● WHAT IS BEING ASKED:
Leave every picture out, and write out the remaining entries exactly.

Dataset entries
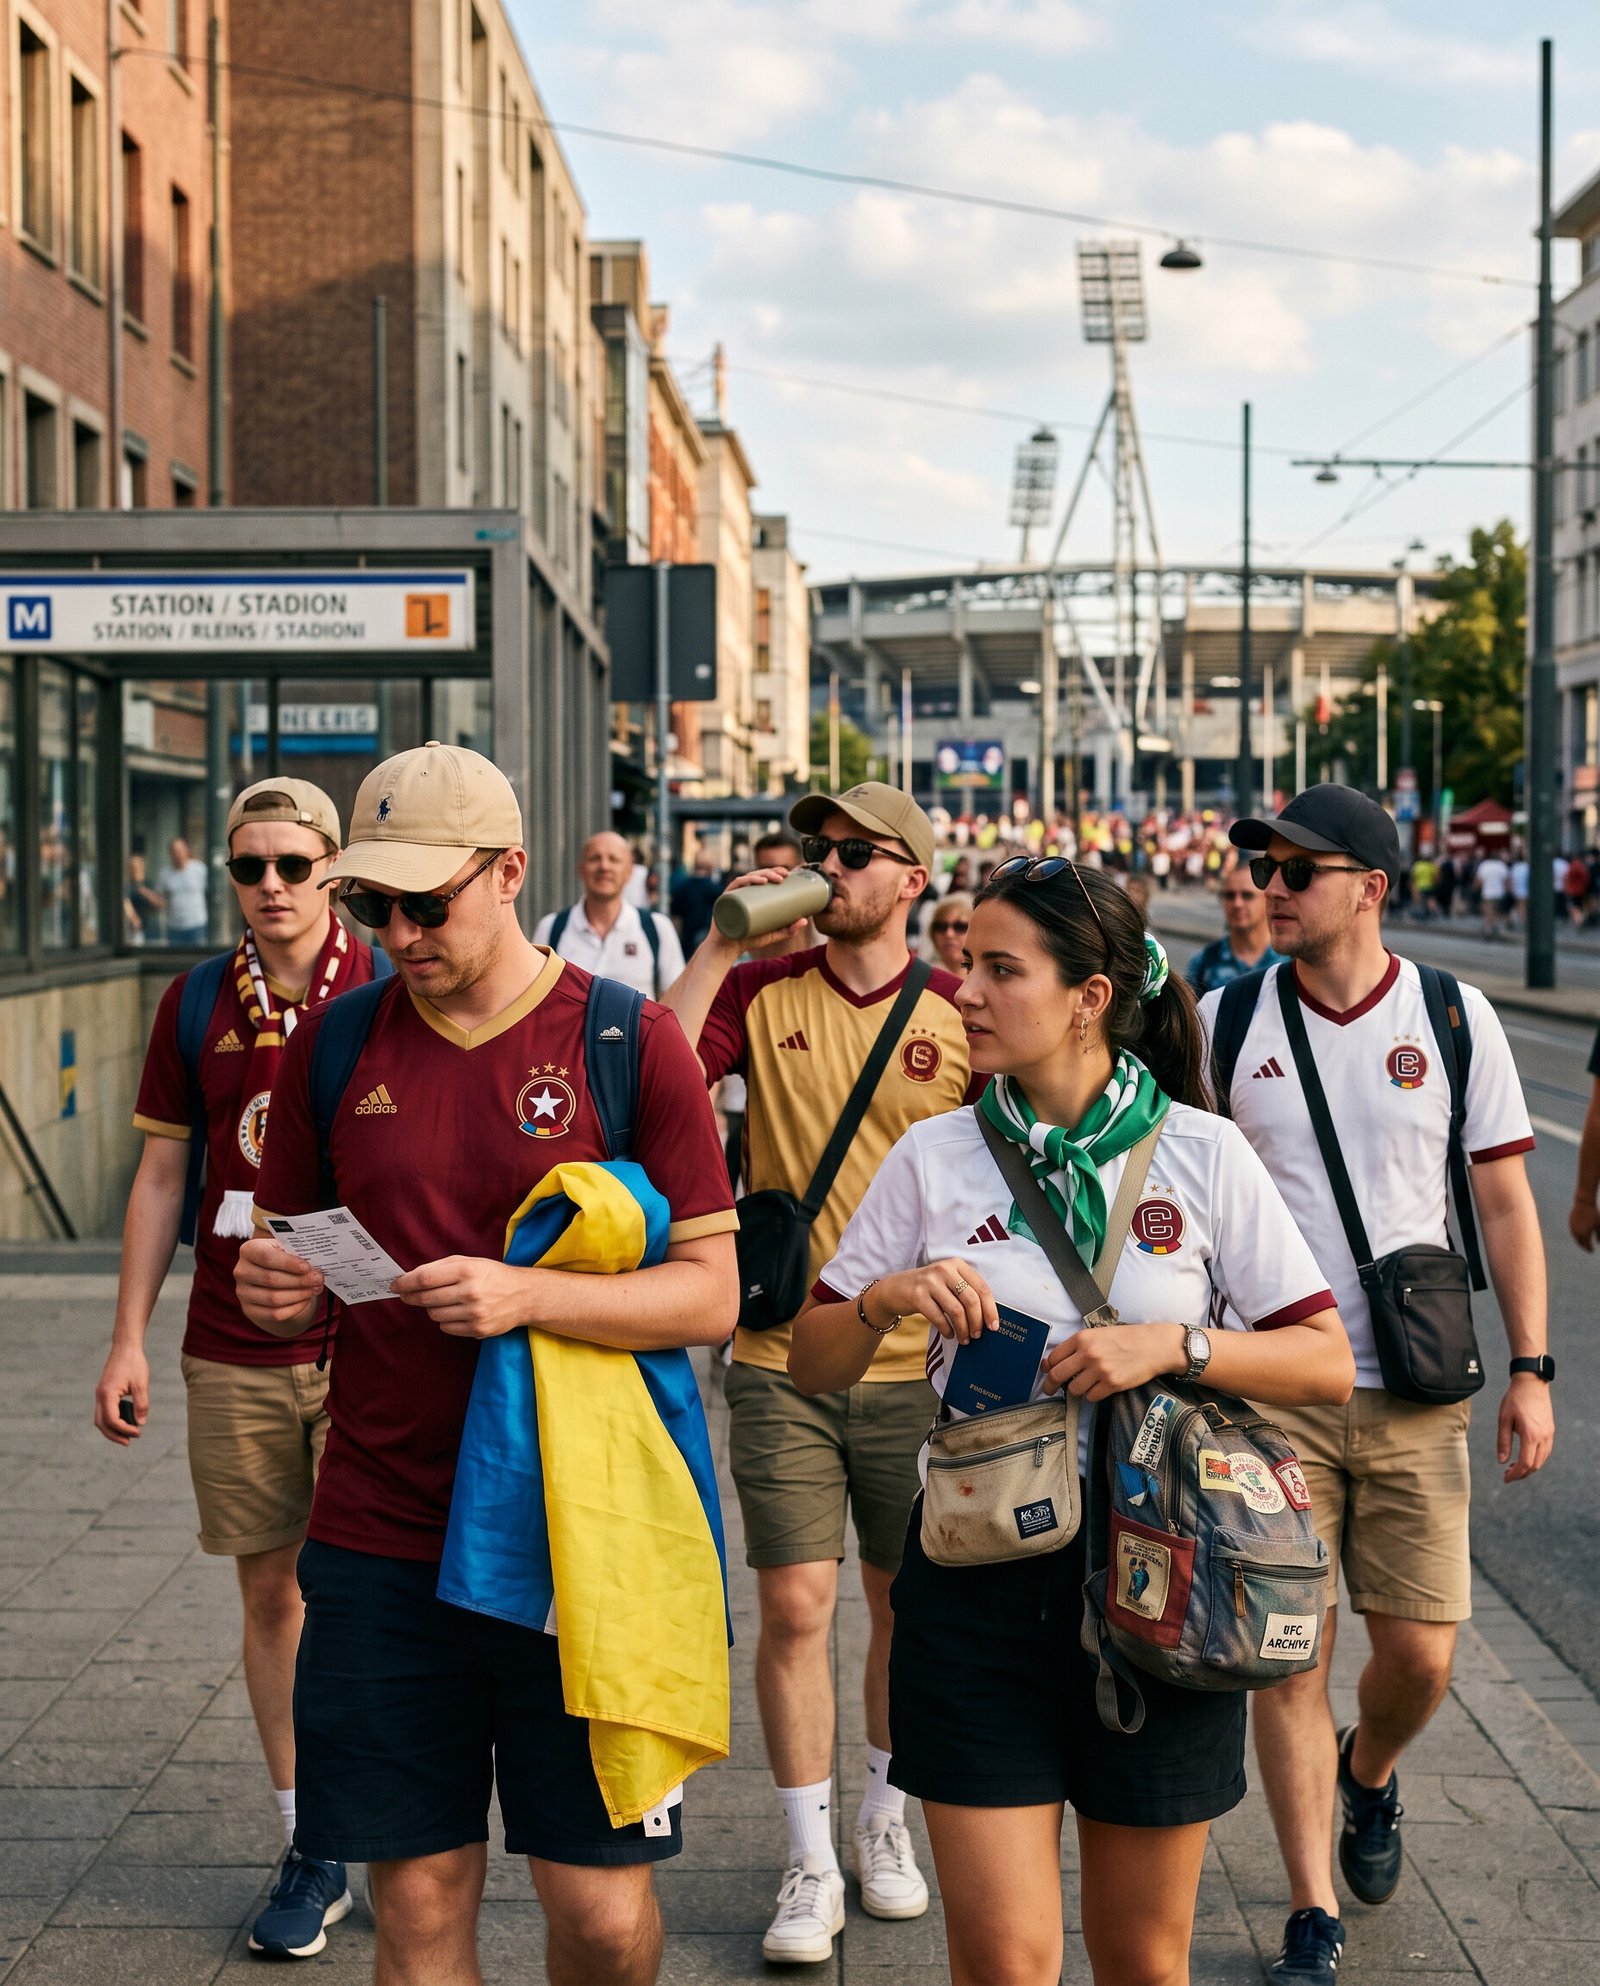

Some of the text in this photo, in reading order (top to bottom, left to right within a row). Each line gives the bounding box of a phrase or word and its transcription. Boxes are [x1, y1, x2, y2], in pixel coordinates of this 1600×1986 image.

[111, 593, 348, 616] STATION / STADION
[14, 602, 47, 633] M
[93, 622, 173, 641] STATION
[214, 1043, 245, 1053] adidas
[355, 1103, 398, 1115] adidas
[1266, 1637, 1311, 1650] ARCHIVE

● TASK OUTPUT:
Some of the text in this photo, in reading order (top to bottom, left to right within a row). Each line gives the bounding box of a phrase or word and its transcription. Boxes are [x1, y1, x2, y2], in pixel coordinates of this 1600×1986 image.

[111, 593, 348, 616] STATION / STADION
[14, 602, 47, 633] M
[93, 622, 173, 641] STATION
[214, 1043, 245, 1053] adidas
[355, 1103, 398, 1115] adidas
[1266, 1637, 1311, 1650] ARCHIVE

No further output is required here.